Although augmented Lagrangian methods were among the first really successful methods for constrained nonlinear optimization, in the 1970s and 1980s attention shifted first to sequential quadratic programming (SQP) methods and then to interior point (IP) methods that had very good performance on small to medium sized problems. In recent years, there has been renewed interest in augmented Lagrangian methods, particularly for very large scale problems. For example, the Lancelot software package of Conn, Gould, and Toint (1992) is a widely used augmented Lagrangian solver.
This book provides a self contained introduction to augmented Lagrangian methods. After a brief review of the Karush-Kuhn-Tucker optimality conditions, the authors introduce the augmented Lagrangian method and discuss its theoretical properties. The authors then introduce their open-source solver, Algencan. In the remainder of the book the authors provide detailed information on the use of Algencan and illustrate this with several examples.
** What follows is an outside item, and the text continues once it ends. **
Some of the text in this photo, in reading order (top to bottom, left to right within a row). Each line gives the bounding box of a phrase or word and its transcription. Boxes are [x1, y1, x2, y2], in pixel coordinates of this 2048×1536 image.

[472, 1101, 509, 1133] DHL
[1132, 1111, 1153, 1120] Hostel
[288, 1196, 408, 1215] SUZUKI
There are many other textbooks for introductory courses in nonlinear optimization that cover a broader range of topics in unconstrained and constrained nonlinear programming (e.g. Bazaraa et. al. 2006, Nocedal and Wright, 2006) Although this book cannot be recommended for use in a first course in nonlinear programming, it is suitable for more advanced readers who need a focused introduction to augmented Lagrangian methods and particularly for readers who wish to make use of the Algencan software.
M. S. Bazaraa, H. D. Sherali, and C. M. Shetty. Nonlinear Programming: Theory and Algorithms, 3rd ed. Wiley, 2006.
A. R. Conn, N. I. M. Gould, and Ph. L. Toint. Lancelot: A Fortran Package for Large-Scale Nonlinear Optimization (Release A). Springer-Verlag, 1992.
J. Nocedal and S. J. Wright. Numerical Optimization, 2nd ed. Springer, 2006.
Brian Borchers is a professor of Mathematics at the New Mexico Institute of Mining and Technology. His interests are in optimization and applications of optimization in parameter estimation and inverse problems.